The pan-plasmidome network

Overall, 72% of the pan-plasmidome genes exhibited best similarities (ids = 30–100%) with the pan-chromosome, diverse lineages (15 classes/35 orders/47 families) and/or other unclassified organisms (Fig. 7), whereas the remaining 28% had no homologue with our datasets and databases. Among this taxonomic profile, 10% (as first gene set of the 72%) of the pan-plasmidome displayed best matches with the pan-chromosome only, and 18% (as second gene set of the 72%) exhibited best hits with α-proteobacteria (9%), followed by γ-proteobacteria (3.9%), cytophagia (0.9%), actinobacteria (1.3%), δ-proteobacteria (1.3%), β-proteobacteria (1.1%), and cyanobacteria (0.4%), and then with much smaller proportions with four lineages (0.2%) (Fig. 7, Table S3). The remaining 44% (as third gene set of the 72%) of the pan-plasmidome showed best sequence similarities with the pan-chromosome and several lineages including α-proteobacteria (19.1%), γ-proteobacteria (8.3%), cytophagia (5.4%), β-proteobacteria (2.4%), actinobacteria (2.2%), δ-proteobacteria (1.5%), cyanobacteria (0.7%) and other lineages (from 0.4 to 0.2%) (Fig. 7, Table S3).

Discussion

In this study, we examined the diversity, evolution and adaptation of arthropod-associated Rickettsia spp. using genomics, phylogenomics and pangenomics data analysis from 34 species (80 strains).

Overall, using phylogenomic analysis we found that the Rickettsia genus has diverged into five distinct major groups: two Spotted Fever groups (SFGI and SFGII), the Typhus group (TG), the Canadensis group (CG) and the Bellii group (BG). Our phylogenomic tree corroborates other rickettsial phylogenies estimated from subsets of species, strains and/or core genes/proteins2,21,22,26,30,31,32,33,34,35,36. However, although some of these phylogenies included a novel rickettsial clade (from Adalia)2,30,36 and four others (from Hydra spp., Torix spp., Rhizobius spp. and meloidae)2,4,5,6,30, they would not impact our robust five rickettsial phylogroups. Indeed, the Adalia clade was located between the CG and BG groups, while the other four clades were all external to the BG group.
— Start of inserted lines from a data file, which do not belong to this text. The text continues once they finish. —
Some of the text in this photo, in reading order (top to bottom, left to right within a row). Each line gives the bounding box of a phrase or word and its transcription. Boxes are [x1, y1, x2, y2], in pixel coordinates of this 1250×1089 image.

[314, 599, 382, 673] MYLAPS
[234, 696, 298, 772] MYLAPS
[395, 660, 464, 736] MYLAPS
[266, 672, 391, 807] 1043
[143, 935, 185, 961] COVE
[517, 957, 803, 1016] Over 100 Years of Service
The rare specimens2,4,5,6,30,36 previously clustered in these new clades were not included in our study because no genomic sequence of these bacteria was available. Therefore, the BG phylogroup represents the outgroup of our data set, as it is the earliest divergent group among our taxa.
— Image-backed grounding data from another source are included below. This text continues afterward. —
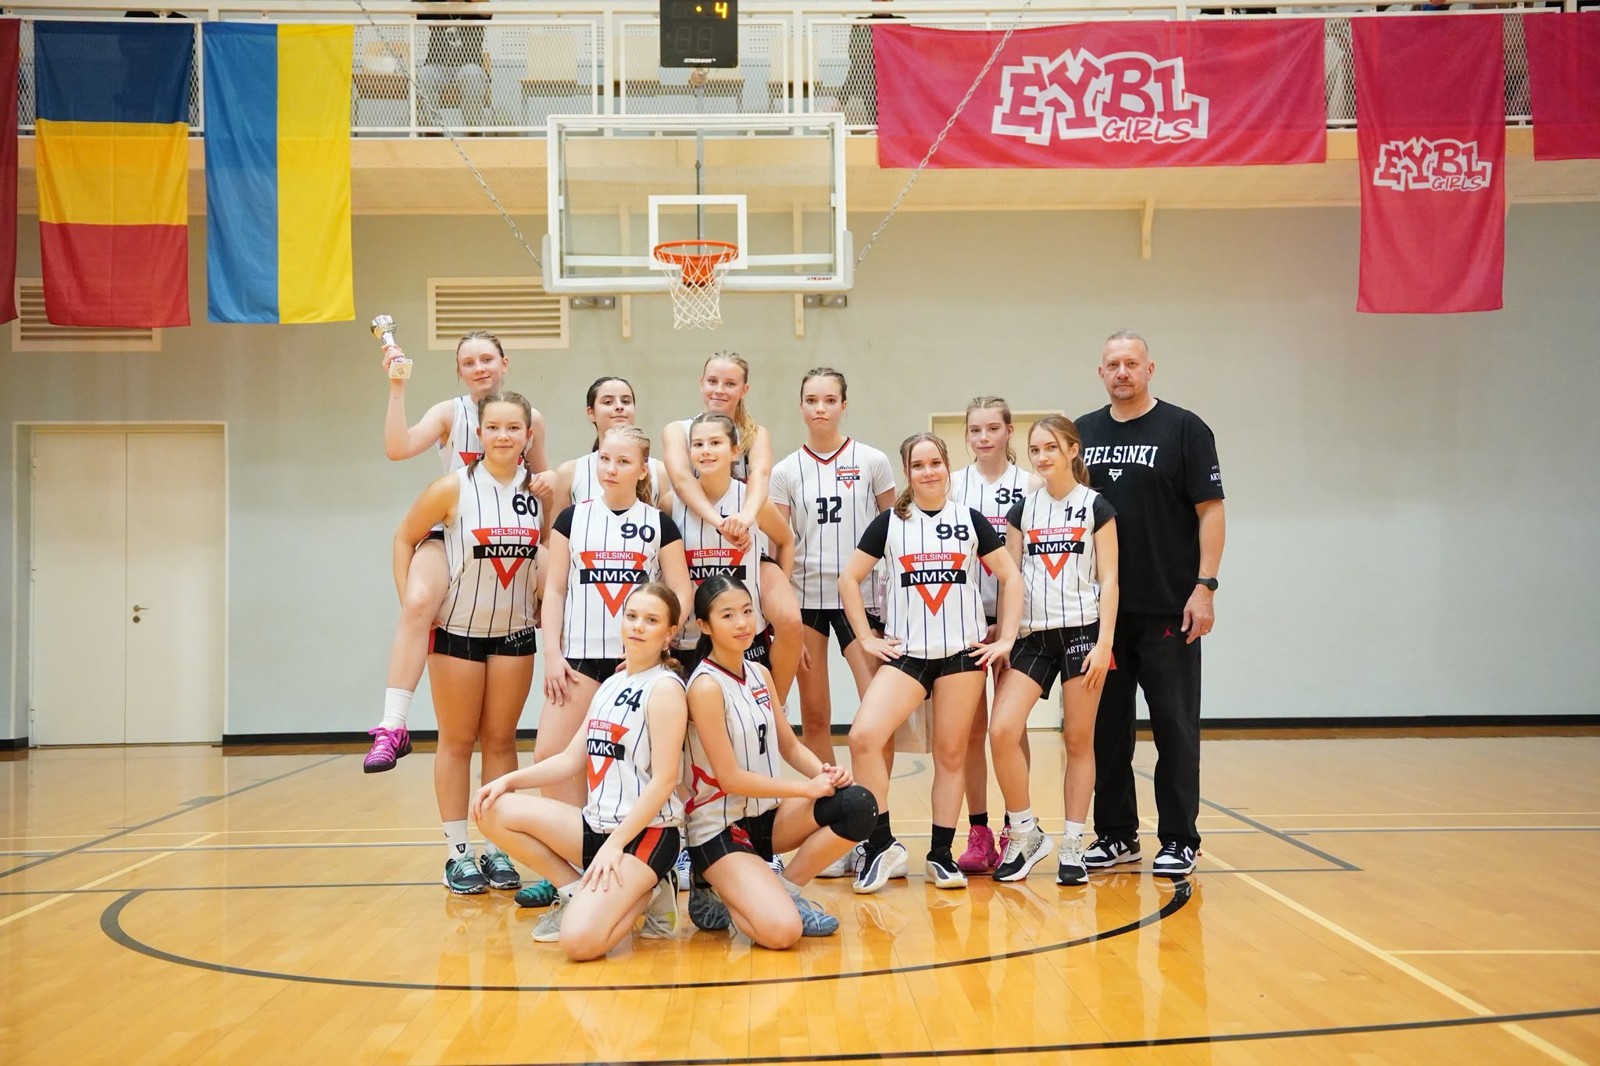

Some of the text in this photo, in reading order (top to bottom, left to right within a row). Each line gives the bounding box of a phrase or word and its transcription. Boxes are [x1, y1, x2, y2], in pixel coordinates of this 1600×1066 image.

[992, 48, 1209, 145] EYBL
[1101, 116, 1192, 144] GIRLS
[1373, 136, 1492, 191] EYBL
[1431, 175, 1483, 192] GIRLS
[1084, 445, 1158, 468] HELSINKI
[995, 487, 1024, 505] 35
[512, 494, 538, 517] 60
[816, 496, 842, 524] 32
[987, 516, 1007, 525] SINKI
[1065, 506, 1087, 522] 14
[491, 528, 530, 536] HELSINKI
[620, 523, 656, 543] 90
[935, 523, 970, 541] 98
[1040, 527, 1072, 535] HELSINKI
[484, 545, 535, 557] NMKY
[595, 551, 634, 560] HELSINKI
[693, 549, 730, 558] HELSINKI
[1035, 542, 1077, 553] NMKY
[913, 553, 952, 562] HELSINKI
[589, 569, 640, 582] NMKY
[689, 567, 737, 578] NMKY
[909, 570, 958, 584] NMKY
[614, 687, 644, 713] 64
The 80 Rickettsia strains that we studied were isolated from diverse hosts worldwide, including Acari, Insecta and vertebrates. Examination of the diversity of arthropods of these bacterial species across the five rickettsial phylogroups revealed that the SFGI, CG and BG Rickettsia spp. were mainly associated with ticks (Acari). However, some species of these groups were also identified in mosquitoes, fleas and/or sheep keds (SFGI in Insecta)37,38,39, and in beetles, mosquitoes and/or flies (CG and BG in Insecta)2,40. The examined SFGII rickettsiae were detected in ticks, mites (Acari), fleas or lice (Insecta) and, in the case of R. felis, in ticks, mites (Acari) and mosquitoes (Insecta)3,39,40,41,42,43. Other Rickettsia spp. of our dataset were found to be associated with vertebrates2. For example, the TG species (R. prowazekii and R. typhi) were identified in humans and rats, respectively. However, these species are known to be associated with fleas and/or lice (Insecta)3, but were also detected in ticks44,45. On the other hand, our study found that 55% of Rickettsia strains were associated with ticks.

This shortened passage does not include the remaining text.